Вскоре он исчез бесследно, и никто из Н-ской общины его больше не видел. Неизмеримо было горе этого погибшего человека. Легче переносить любые физические истязания, нежели душевные непрекращающиеся адские муки и не иметь при этом даже надежды на избавление. Однако действия дьявола и слуг его не распространяются на то, что освящено Богом и посвящено Ему в Его собственность. Вот почему так жизненно важно освящение для всякого христианина. Самое великое счастье — обрести покой в Боге, и путь к этому открыт в покорности Христу. «Придите ко Мне, все труждающиеся и обремененные, и Я успокою вас… и найдете покой душам вашим» (Мат.11:28–29).
Годы учебы в семилетке у Павлика были переломными годами в его духовном развитии.
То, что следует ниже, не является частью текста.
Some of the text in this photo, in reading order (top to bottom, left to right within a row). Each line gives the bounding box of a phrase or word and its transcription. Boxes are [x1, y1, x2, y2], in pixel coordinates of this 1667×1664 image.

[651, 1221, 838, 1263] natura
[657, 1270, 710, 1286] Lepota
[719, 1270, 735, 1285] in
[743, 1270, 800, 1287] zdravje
Если до пятого класса он учился, потому что все учатся и так полагается, то с пятого Павел учился с охотой, с возрастающим интересом и жаждой к знаниям. Семилетка имела то преимущество перед остальными школами, что, будучи преобразованной из гимназии, сохранила в себе весь старый преподавательский состав и оборудование. Большие способности Бог дал Павлику в учебе. Все преподаваемое он не учил, а буквально впитывал в себя, причем, без особых напряжений и усилий. У него всегда было много вопросов к преподавателям. К записям в тетрадях он относился с особой страстью, стараясь сделать их красиво. Особенно любил художественно выполнять рисунки по физике, химии, зоологии, ботанике. С особым увлечением Павлик любил рисовать девочкам в альбомы; поэтому у него не было отбоя от них. Он помнил, конечно, при этом, что все это он получил от Бога, поэтому открыто и в собраниях, и дома всегда благодарил Бога за дарованные способности и любил Бога от всего сердца.
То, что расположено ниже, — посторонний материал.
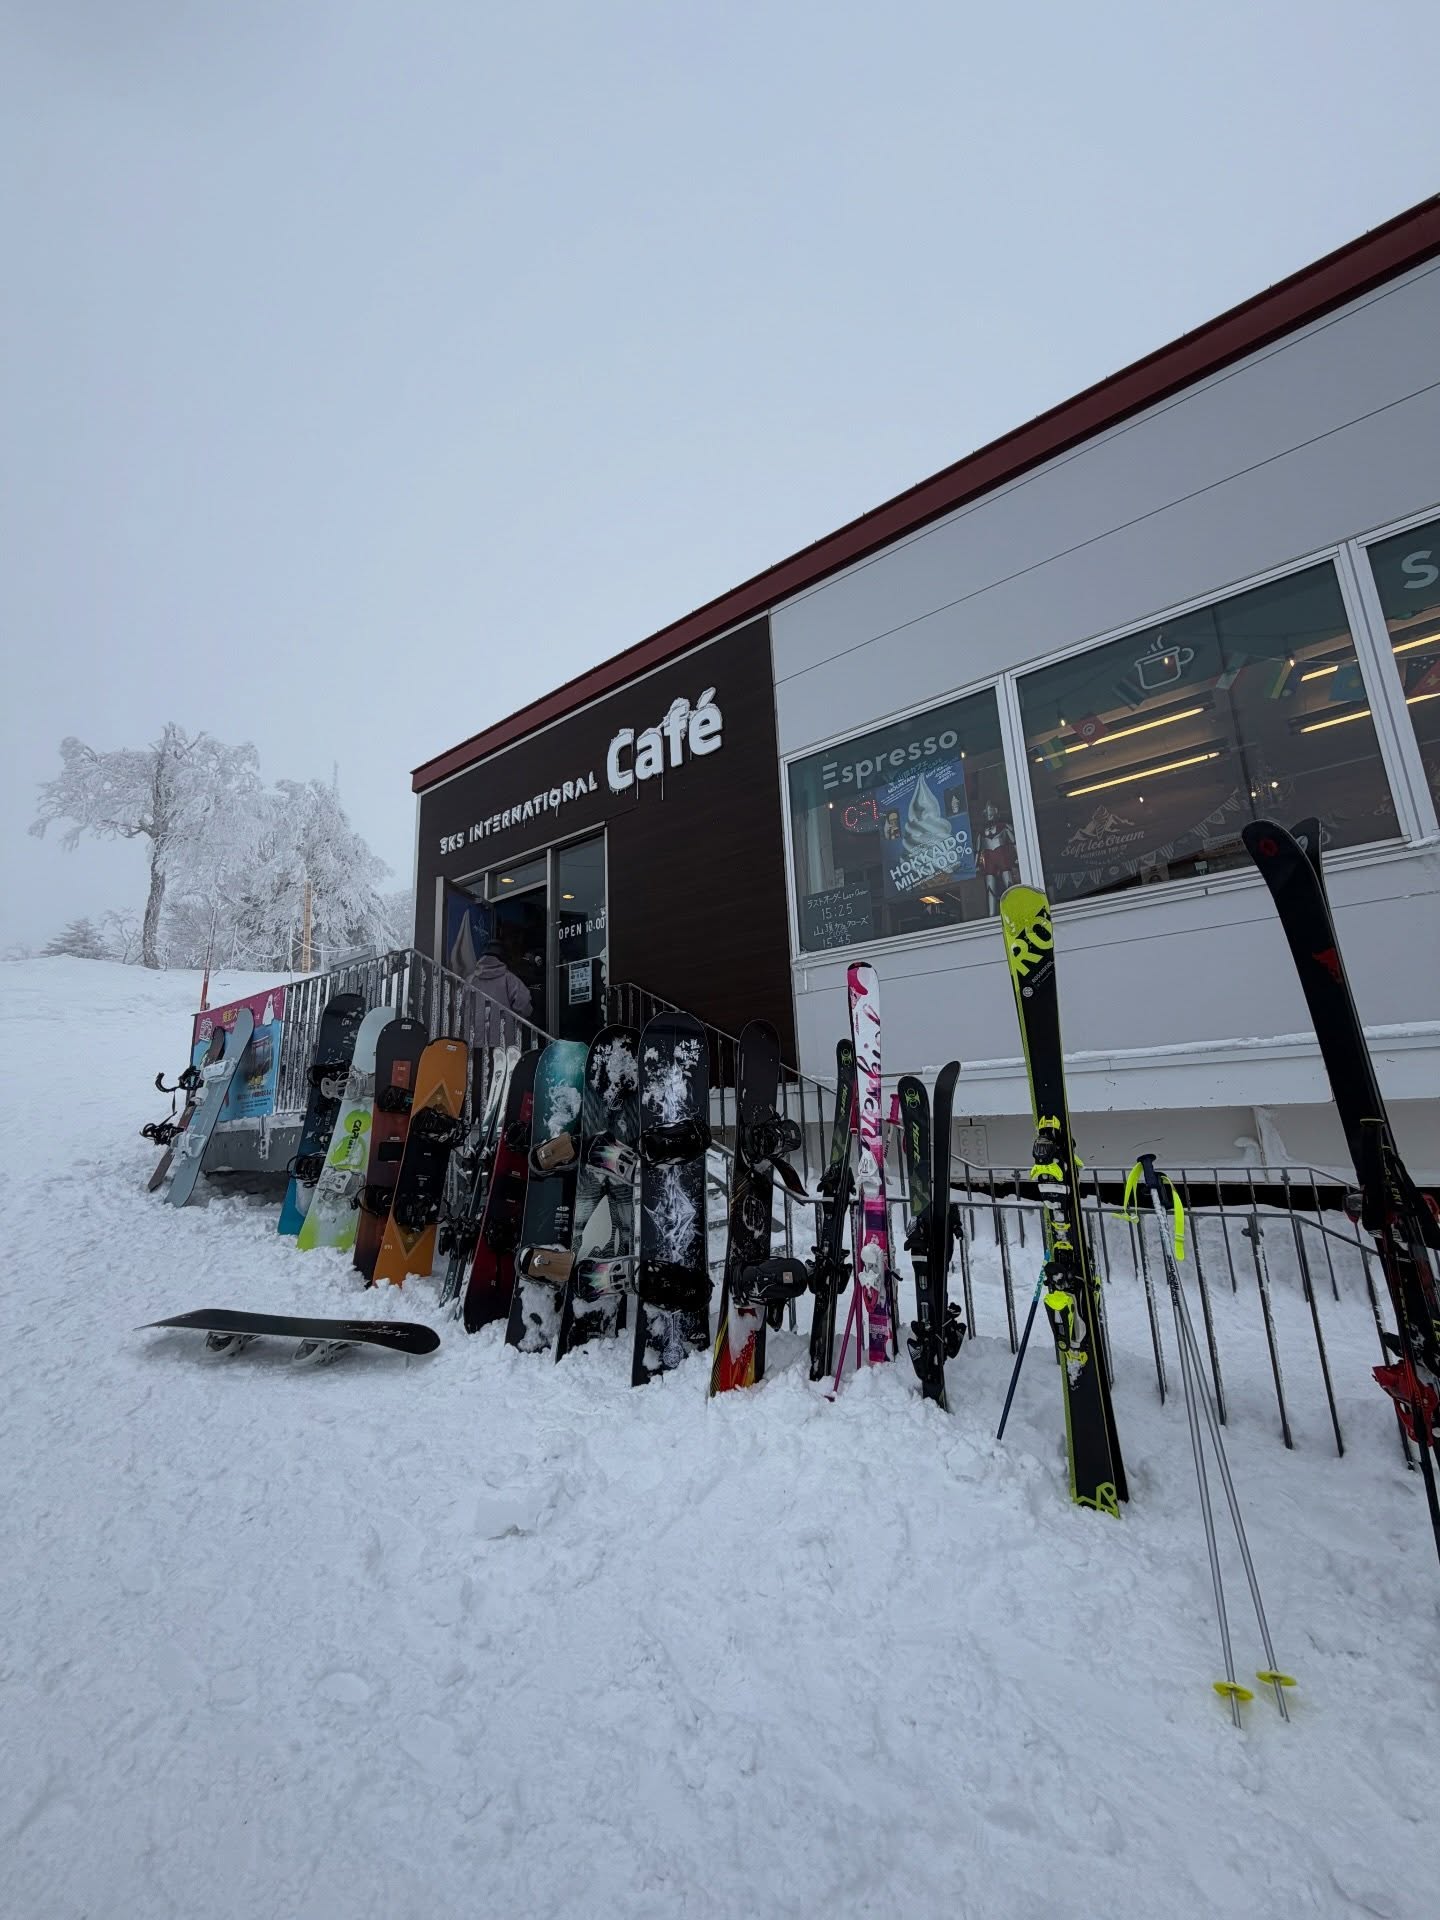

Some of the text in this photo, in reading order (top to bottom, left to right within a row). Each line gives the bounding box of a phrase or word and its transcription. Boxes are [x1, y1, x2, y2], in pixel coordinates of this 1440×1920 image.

[606, 687, 723, 793] Café
[823, 731, 958, 790] Espresso
[440, 771, 598, 855] SKS INTERNATIONAL
[890, 830, 968, 881] HOKKAIDO
[1060, 831, 1145, 858] Soft Ice Cream
[821, 902, 853, 920] 15:25
[559, 922, 582, 940] OPEN
[822, 934, 852, 949] 15:45
В школе Павлик нисколько не стыдился своего христианского звания, тем более, что у большинства учеников родители еще считали себя православными. Но, тем не менее, Павлику пришлось пережить борьбу, из которой он, слава Богу, вышел победителем. Произошло это на уроке пения. Преподаватель приступил к изучению нот, в понимании которых Павел оказался самым способным, так как изучал уже ноты в хоре в своей общине. Вскоре после того перешли к разучиванию народных и революционных песен по нотам. Тут-то и произошло столкновение. Когда преподаватель стал разучивать с классом песню, Павел сказал ему во всеуслышание:
— Я разучивать песню не буду, так как не хочу развлекать дьявола. Если хотите, я могу вам спеть христианский гимн.
Учитель был ошеломлен его ответом. На виду у всех он бледнел и краснел, не зная, как поступить с мальчиком. Затем, после некоторого молчания, отпустил его с урока. На следующий день отец расспросил сына о происшедшем на уроке, ободрил его, но предупредил, чтобы впредь он был благоразумней и объяснялся с преподавателем наедине.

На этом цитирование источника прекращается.